▸ ASSIGNMENT
Reprint all entries without any alteration.

** Opening RECORDS TO USE block **

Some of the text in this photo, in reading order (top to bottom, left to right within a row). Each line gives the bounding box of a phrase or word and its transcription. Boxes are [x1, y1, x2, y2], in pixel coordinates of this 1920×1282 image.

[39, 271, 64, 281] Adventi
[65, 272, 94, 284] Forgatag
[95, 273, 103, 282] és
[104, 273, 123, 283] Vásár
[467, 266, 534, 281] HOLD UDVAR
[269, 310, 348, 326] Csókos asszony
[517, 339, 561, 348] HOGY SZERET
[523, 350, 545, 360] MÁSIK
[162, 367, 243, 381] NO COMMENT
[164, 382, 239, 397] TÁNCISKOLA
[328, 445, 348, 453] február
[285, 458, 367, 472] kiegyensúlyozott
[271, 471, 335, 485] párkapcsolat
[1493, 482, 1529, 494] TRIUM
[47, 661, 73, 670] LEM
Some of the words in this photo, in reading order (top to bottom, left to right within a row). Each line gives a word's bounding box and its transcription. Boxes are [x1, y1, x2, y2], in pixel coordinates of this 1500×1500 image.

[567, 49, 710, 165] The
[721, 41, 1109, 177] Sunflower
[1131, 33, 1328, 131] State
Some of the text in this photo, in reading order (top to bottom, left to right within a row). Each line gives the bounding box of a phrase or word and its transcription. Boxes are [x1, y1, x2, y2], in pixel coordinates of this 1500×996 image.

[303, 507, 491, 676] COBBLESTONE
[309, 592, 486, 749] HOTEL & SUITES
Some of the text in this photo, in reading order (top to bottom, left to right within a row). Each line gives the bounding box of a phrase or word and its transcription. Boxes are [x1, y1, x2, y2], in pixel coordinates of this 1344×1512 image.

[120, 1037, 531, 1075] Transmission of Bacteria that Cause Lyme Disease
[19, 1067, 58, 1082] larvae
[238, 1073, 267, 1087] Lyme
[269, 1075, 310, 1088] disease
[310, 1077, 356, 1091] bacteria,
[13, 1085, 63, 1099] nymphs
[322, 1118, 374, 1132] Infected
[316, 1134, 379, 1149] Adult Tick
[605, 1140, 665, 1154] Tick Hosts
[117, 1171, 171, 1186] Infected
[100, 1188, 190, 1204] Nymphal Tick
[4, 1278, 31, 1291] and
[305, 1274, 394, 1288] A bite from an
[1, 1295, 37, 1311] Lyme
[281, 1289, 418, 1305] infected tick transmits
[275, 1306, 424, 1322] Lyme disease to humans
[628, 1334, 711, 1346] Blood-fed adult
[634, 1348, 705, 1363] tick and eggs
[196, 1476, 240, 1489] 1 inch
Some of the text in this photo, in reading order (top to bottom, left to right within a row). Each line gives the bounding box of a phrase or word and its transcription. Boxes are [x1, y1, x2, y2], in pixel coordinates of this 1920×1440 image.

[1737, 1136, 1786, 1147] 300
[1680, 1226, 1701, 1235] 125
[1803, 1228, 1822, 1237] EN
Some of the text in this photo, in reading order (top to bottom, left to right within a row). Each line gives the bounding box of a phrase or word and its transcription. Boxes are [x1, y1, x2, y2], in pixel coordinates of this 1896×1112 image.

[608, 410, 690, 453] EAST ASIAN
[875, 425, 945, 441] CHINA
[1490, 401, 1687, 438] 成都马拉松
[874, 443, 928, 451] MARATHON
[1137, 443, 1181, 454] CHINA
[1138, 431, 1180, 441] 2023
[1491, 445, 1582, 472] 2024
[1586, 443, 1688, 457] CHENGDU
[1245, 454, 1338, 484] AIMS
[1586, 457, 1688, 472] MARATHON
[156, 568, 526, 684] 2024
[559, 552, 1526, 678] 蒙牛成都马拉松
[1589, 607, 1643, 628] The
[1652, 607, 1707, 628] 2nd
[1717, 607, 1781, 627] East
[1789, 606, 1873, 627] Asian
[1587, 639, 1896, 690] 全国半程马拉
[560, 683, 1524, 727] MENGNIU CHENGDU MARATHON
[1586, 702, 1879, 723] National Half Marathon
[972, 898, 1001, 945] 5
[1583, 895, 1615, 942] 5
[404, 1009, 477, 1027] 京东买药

** Closing RECORDS TO USE block **

▸ TASK OUTPUT
Some of the text in this photo, in reading order (top to bottom, left to right within a row). Each line gives the bounding box of a phrase or word and its transcription. Boxes are [x1, y1, x2, y2], in pixel coordinates of this 1920×1282 image.

[39, 271, 64, 281] Adventi
[65, 272, 94, 284] Forgatag
[95, 273, 103, 282] és
[104, 273, 123, 283] Vásár
[467, 266, 534, 281] HOLD UDVAR
[269, 310, 348, 326] Csókos asszony
[517, 339, 561, 348] HOGY SZERET
[523, 350, 545, 360] MÁSIK
[162, 367, 243, 381] NO COMMENT
[164, 382, 239, 397] TÁNCISKOLA
[328, 445, 348, 453] február
[285, 458, 367, 472] kiegyensúlyozott
[271, 471, 335, 485] párkapcsolat
[1493, 482, 1529, 494] TRIUM
[47, 661, 73, 670] LEM
Some of the words in this photo, in reading order (top to bottom, left to right within a row). Each line gives a word's bounding box and its transcription. Boxes are [x1, y1, x2, y2], in pixel coordinates of this 1500×1500 image.

[567, 49, 710, 165] The
[721, 41, 1109, 177] Sunflower
[1131, 33, 1328, 131] State
Some of the text in this photo, in reading order (top to bottom, left to right within a row). Each line gives the bounding box of a phrase or word and its transcription. Boxes are [x1, y1, x2, y2], in pixel coordinates of this 1500×996 image.

[303, 507, 491, 676] COBBLESTONE
[309, 592, 486, 749] HOTEL & SUITES
Some of the text in this photo, in reading order (top to bottom, left to right within a row). Each line gives the bounding box of a phrase or word and its transcription. Boxes are [x1, y1, x2, y2], in pixel coordinates of this 1344×1512 image.

[120, 1037, 531, 1075] Transmission of Bacteria that Cause Lyme Disease
[19, 1067, 58, 1082] larvae
[238, 1073, 267, 1087] Lyme
[269, 1075, 310, 1088] disease
[310, 1077, 356, 1091] bacteria,
[13, 1085, 63, 1099] nymphs
[322, 1118, 374, 1132] Infected
[316, 1134, 379, 1149] Adult Tick
[605, 1140, 665, 1154] Tick Hosts
[117, 1171, 171, 1186] Infected
[100, 1188, 190, 1204] Nymphal Tick
[4, 1278, 31, 1291] and
[305, 1274, 394, 1288] A bite from an
[1, 1295, 37, 1311] Lyme
[281, 1289, 418, 1305] infected tick transmits
[275, 1306, 424, 1322] Lyme disease to humans
[628, 1334, 711, 1346] Blood-fed adult
[634, 1348, 705, 1363] tick and eggs
[196, 1476, 240, 1489] 1 inch
Some of the text in this photo, in reading order (top to bottom, left to right within a row). Each line gives the bounding box of a phrase or word and its transcription. Boxes are [x1, y1, x2, y2], in pixel coordinates of this 1920×1440 image.

[1737, 1136, 1786, 1147] 300
[1680, 1226, 1701, 1235] 125
[1803, 1228, 1822, 1237] EN
Some of the text in this photo, in reading order (top to bottom, left to right within a row). Each line gives the bounding box of a phrase or word and its transcription. Boxes are [x1, y1, x2, y2], in pixel coordinates of this 1896×1112 image.

[608, 410, 690, 453] EAST ASIAN
[875, 425, 945, 441] CHINA
[1490, 401, 1687, 438] 成都马拉松
[874, 443, 928, 451] MARATHON
[1137, 443, 1181, 454] CHINA
[1138, 431, 1180, 441] 2023
[1491, 445, 1582, 472] 2024
[1586, 443, 1688, 457] CHENGDU
[1245, 454, 1338, 484] AIMS
[1586, 457, 1688, 472] MARATHON
[156, 568, 526, 684] 2024
[559, 552, 1526, 678] 蒙牛成都马拉松
[1589, 607, 1643, 628] The
[1652, 607, 1707, 628] 2nd
[1717, 607, 1781, 627] East
[1789, 606, 1873, 627] Asian
[1587, 639, 1896, 690] 全国半程马拉
[560, 683, 1524, 727] MENGNIU CHENGDU MARATHON
[1586, 702, 1879, 723] National Half Marathon
[972, 898, 1001, 945] 5
[1583, 895, 1615, 942] 5
[404, 1009, 477, 1027] 京东买药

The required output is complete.